[Phrase grounding data]
=== Section Start ===

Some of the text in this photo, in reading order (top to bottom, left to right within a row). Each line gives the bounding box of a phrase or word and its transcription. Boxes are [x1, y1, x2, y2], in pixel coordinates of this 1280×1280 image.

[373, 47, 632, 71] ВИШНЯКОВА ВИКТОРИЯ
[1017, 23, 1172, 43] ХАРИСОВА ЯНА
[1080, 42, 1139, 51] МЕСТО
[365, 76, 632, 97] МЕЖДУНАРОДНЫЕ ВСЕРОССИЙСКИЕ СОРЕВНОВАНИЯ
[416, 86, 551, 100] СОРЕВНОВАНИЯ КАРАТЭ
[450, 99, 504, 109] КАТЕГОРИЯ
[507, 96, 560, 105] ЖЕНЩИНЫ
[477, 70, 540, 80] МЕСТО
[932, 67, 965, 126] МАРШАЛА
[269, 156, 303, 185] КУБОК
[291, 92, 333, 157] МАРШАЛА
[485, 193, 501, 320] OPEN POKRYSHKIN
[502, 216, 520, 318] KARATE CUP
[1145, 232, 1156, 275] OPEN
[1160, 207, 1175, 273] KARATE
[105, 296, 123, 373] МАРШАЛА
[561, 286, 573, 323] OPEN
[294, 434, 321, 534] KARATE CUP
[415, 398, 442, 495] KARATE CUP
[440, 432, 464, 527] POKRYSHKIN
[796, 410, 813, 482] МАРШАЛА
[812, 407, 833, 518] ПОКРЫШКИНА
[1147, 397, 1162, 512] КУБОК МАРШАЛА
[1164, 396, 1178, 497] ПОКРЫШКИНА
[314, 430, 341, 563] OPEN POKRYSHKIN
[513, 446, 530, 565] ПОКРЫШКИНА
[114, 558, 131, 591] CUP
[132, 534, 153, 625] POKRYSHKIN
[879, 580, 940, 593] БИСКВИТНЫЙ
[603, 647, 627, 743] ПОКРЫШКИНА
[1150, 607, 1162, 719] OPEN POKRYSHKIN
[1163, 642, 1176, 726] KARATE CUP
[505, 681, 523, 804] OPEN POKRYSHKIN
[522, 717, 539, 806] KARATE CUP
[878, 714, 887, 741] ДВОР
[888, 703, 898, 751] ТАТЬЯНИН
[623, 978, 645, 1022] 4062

=== Section End ===

▸ Work request:
Say each line again exactly as it appears above.

▸ Exercise output:
Some of the text in this photo, in reading order (top to bottom, left to right within a row). Each line gives the bounding box of a phrase or word and its transcription. Boxes are [x1, y1, x2, y2], in pixel coordinates of this 1280×1280 image.

[373, 47, 632, 71] ВИШНЯКОВА ВИКТОРИЯ
[1017, 23, 1172, 43] ХАРИСОВА ЯНА
[1080, 42, 1139, 51] МЕСТО
[365, 76, 632, 97] МЕЖДУНАРОДНЫЕ ВСЕРОССИЙСКИЕ СОРЕВНОВАНИЯ
[416, 86, 551, 100] СОРЕВНОВАНИЯ КАРАТЭ
[450, 99, 504, 109] КАТЕГОРИЯ
[507, 96, 560, 105] ЖЕНЩИНЫ
[477, 70, 540, 80] МЕСТО
[932, 67, 965, 126] МАРШАЛА
[269, 156, 303, 185] КУБОК
[291, 92, 333, 157] МАРШАЛА
[485, 193, 501, 320] OPEN POKRYSHKIN
[502, 216, 520, 318] KARATE CUP
[1145, 232, 1156, 275] OPEN
[1160, 207, 1175, 273] KARATE
[105, 296, 123, 373] МАРШАЛА
[561, 286, 573, 323] OPEN
[294, 434, 321, 534] KARATE CUP
[415, 398, 442, 495] KARATE CUP
[440, 432, 464, 527] POKRYSHKIN
[796, 410, 813, 482] МАРШАЛА
[812, 407, 833, 518] ПОКРЫШКИНА
[1147, 397, 1162, 512] КУБОК МАРШАЛА
[1164, 396, 1178, 497] ПОКРЫШКИНА
[314, 430, 341, 563] OPEN POKRYSHKIN
[513, 446, 530, 565] ПОКРЫШКИНА
[114, 558, 131, 591] CUP
[132, 534, 153, 625] POKRYSHKIN
[879, 580, 940, 593] БИСКВИТНЫЙ
[603, 647, 627, 743] ПОКРЫШКИНА
[1150, 607, 1162, 719] OPEN POKRYSHKIN
[1163, 642, 1176, 726] KARATE CUP
[505, 681, 523, 804] OPEN POKRYSHKIN
[522, 717, 539, 806] KARATE CUP
[878, 714, 887, 741] ДВОР
[888, 703, 898, 751] ТАТЬЯНИН
[623, 978, 645, 1022] 4062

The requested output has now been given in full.